• How to complete this task:
A faithful copy of each record is required, minus the images.

++++ Materials provided ++++

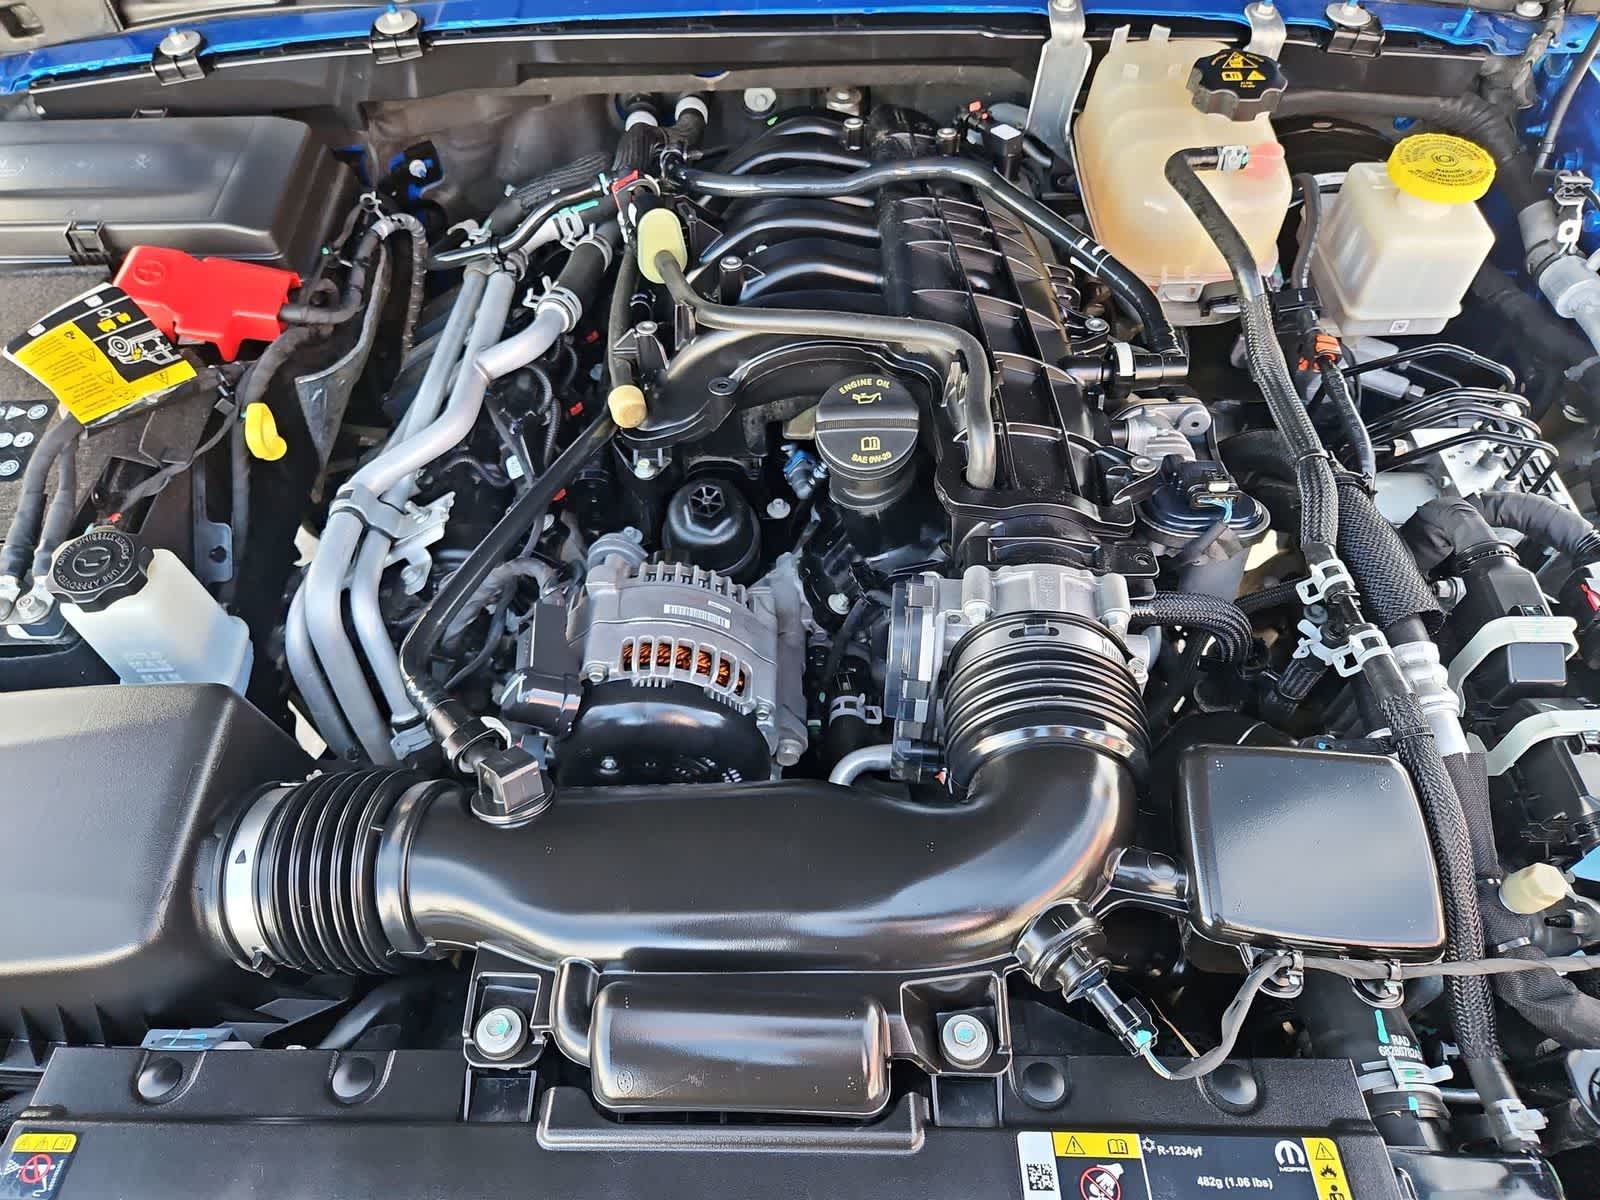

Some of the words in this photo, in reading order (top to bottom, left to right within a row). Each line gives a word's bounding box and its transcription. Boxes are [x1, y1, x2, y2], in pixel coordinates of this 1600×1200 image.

[839, 378, 873, 394] ENGINE
[876, 379, 891, 389] OIL
[851, 453, 868, 464] SAE
[1391, 1034, 1410, 1047] RAD
[1157, 1145, 1202, 1158] R-1234yf
[1197, 1176, 1223, 1189] 482g
[1225, 1177, 1250, 1189] (1.06
[1252, 1177, 1273, 1190] lbs)

++++

• Response area:
Some of the words in this photo, in reading order (top to bottom, left to right within a row). Each line gives a word's bounding box and its transcription. Boxes are [x1, y1, x2, y2], in pixel coordinates of this 1600×1200 image.

[839, 378, 873, 394] ENGINE
[876, 379, 891, 389] OIL
[851, 453, 868, 464] SAE
[1391, 1034, 1410, 1047] RAD
[1157, 1145, 1202, 1158] R-1234yf
[1197, 1176, 1223, 1189] 482g
[1225, 1177, 1250, 1189] (1.06
[1252, 1177, 1273, 1190] lbs)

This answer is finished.